Extracted records:
━━━━

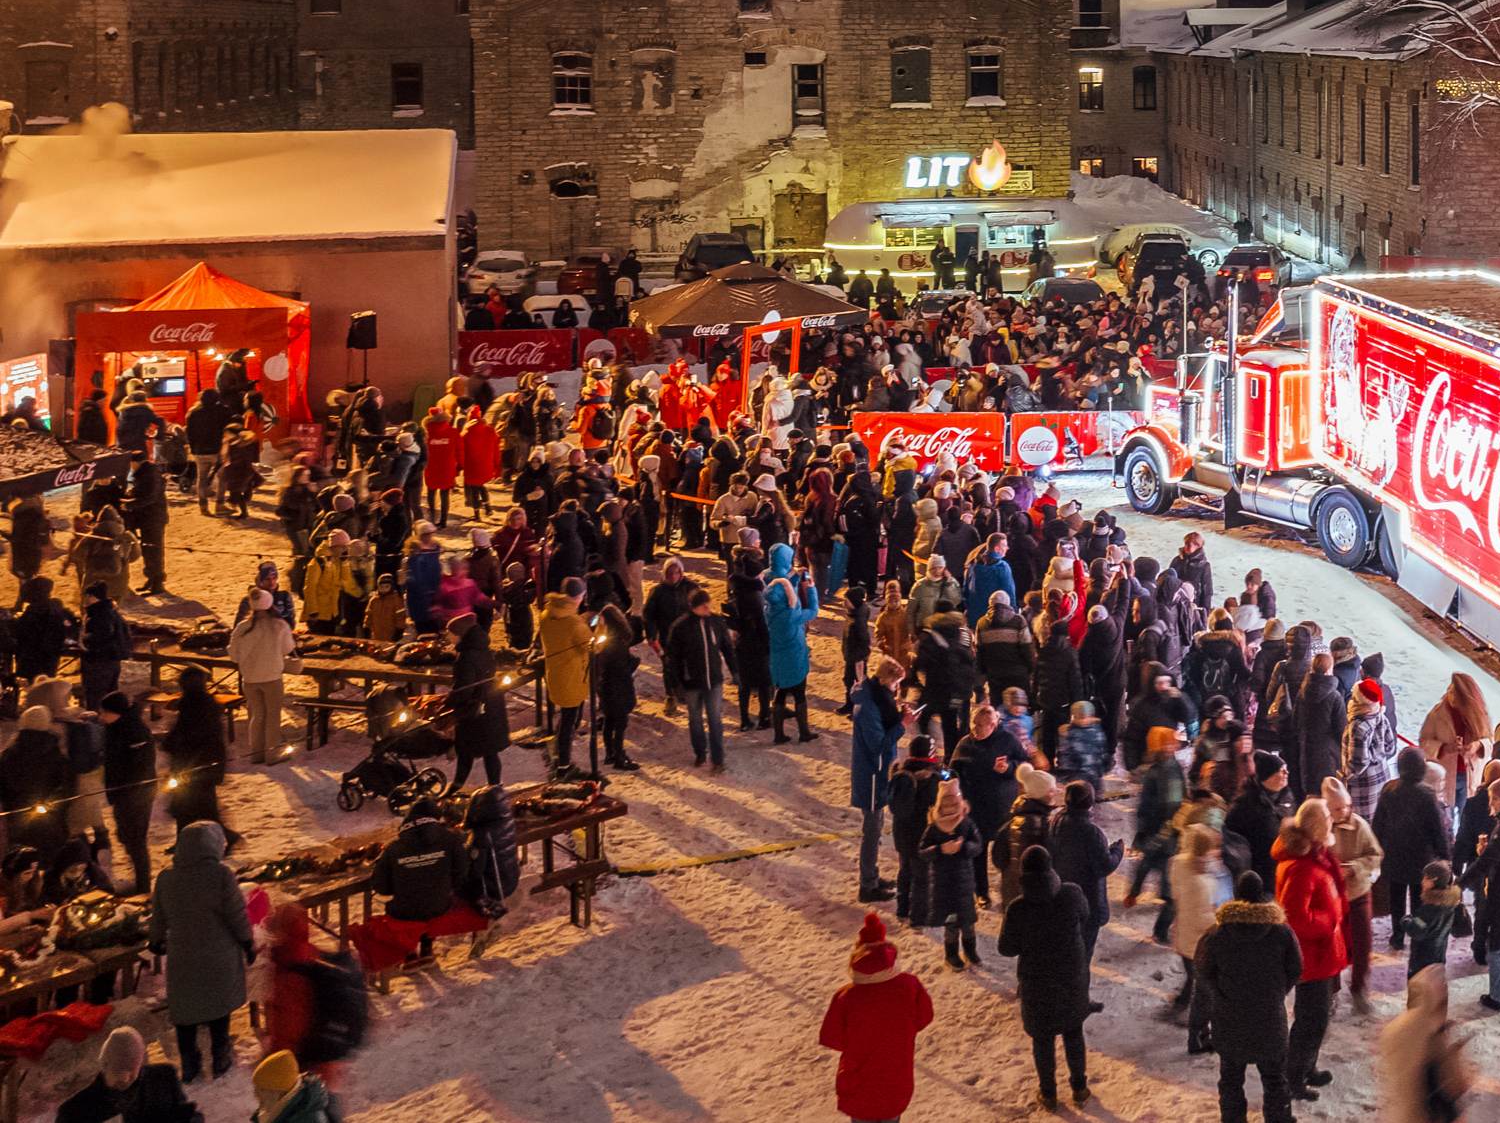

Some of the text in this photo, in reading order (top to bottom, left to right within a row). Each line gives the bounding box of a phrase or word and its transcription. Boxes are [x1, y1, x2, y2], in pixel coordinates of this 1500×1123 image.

[906, 156, 970, 188] LIT
[692, 323, 731, 337] Coca-Cola
[801, 315, 837, 329] Coca-Cola
[150, 322, 217, 344] Coca-Cola
[469, 341, 549, 367] Coca-Cola
[1020, 439, 1055, 452] Coca-Cola
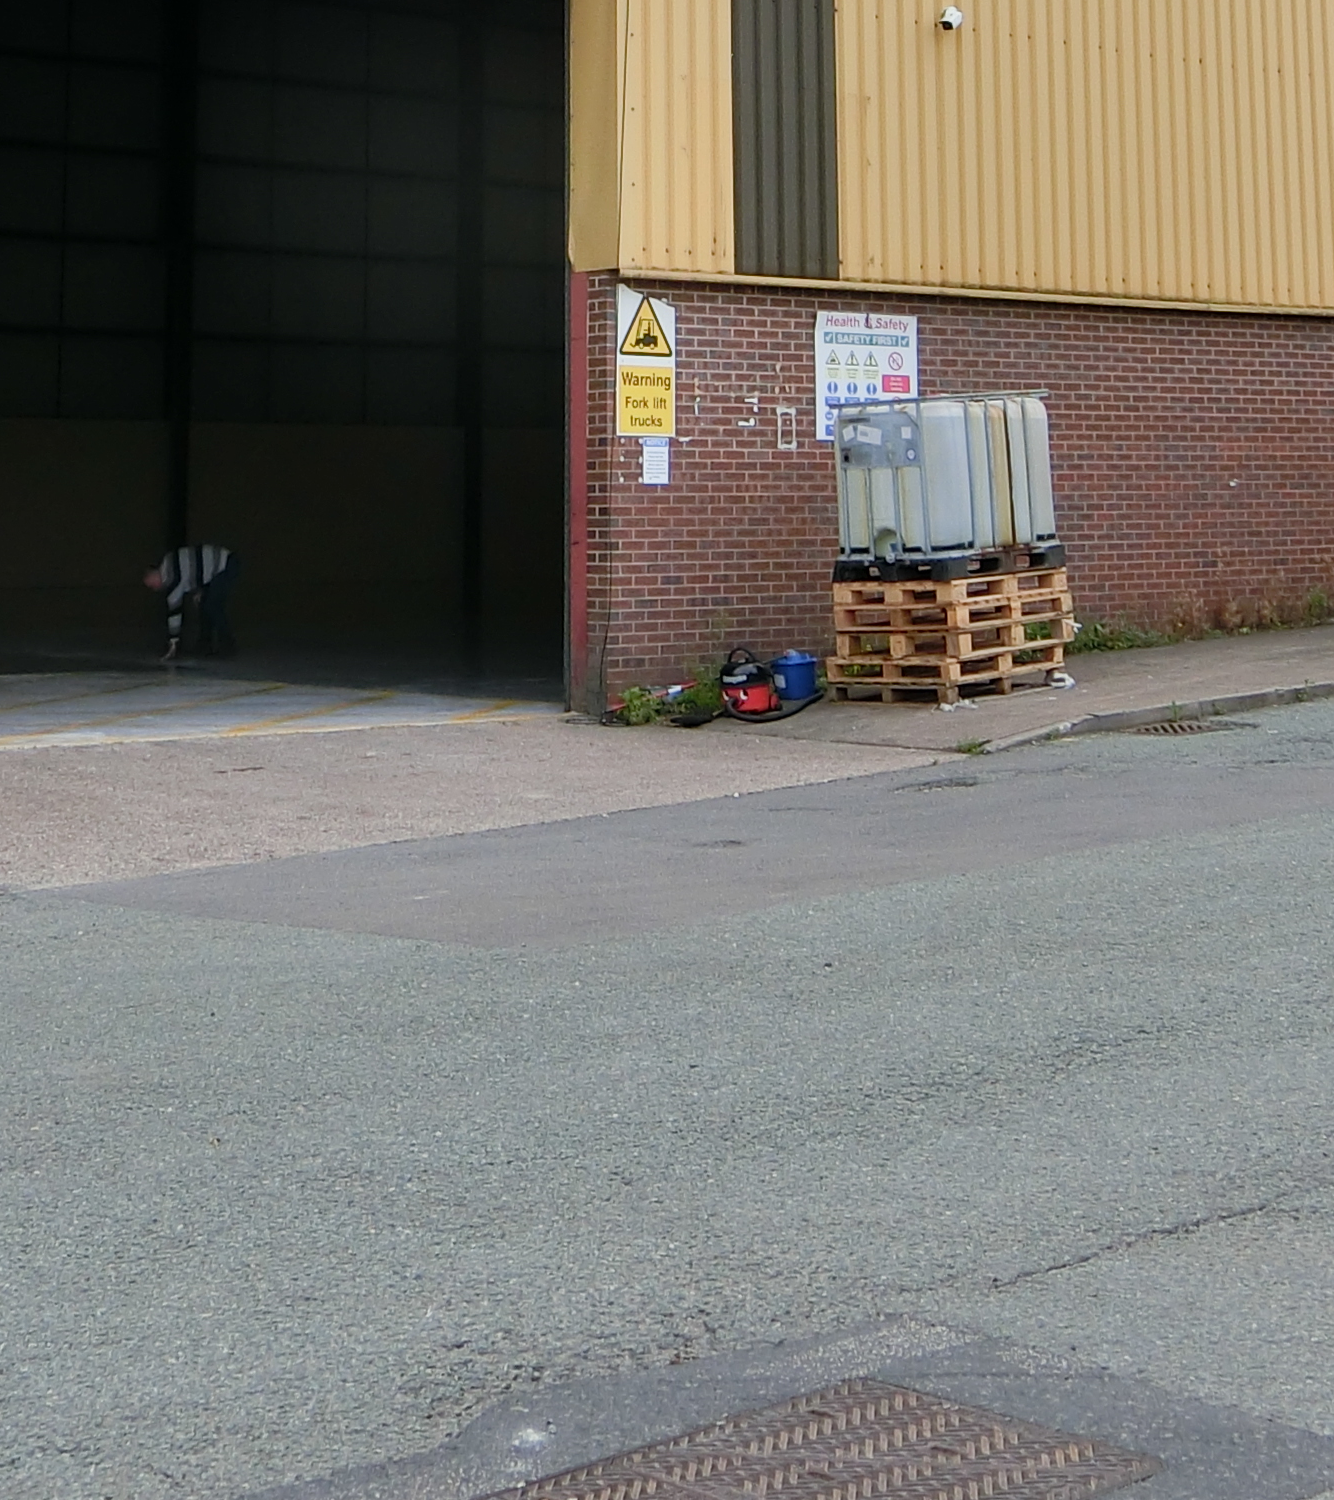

━━━━

Task description –
When you set down the records above, copy every line exactly and exclude the pictures.

Answer –
Some of the text in this photo, in reading order (top to bottom, left to right within a row). Each line gives the bounding box of a phrase or word and its transcription. Boxes are [x1, y1, x2, y2], in pixel coordinates of this 1500×1123 image.

[906, 156, 970, 188] LIT
[692, 323, 731, 337] Coca-Cola
[801, 315, 837, 329] Coca-Cola
[150, 322, 217, 344] Coca-Cola
[469, 341, 549, 367] Coca-Cola
[1020, 439, 1055, 452] Coca-Cola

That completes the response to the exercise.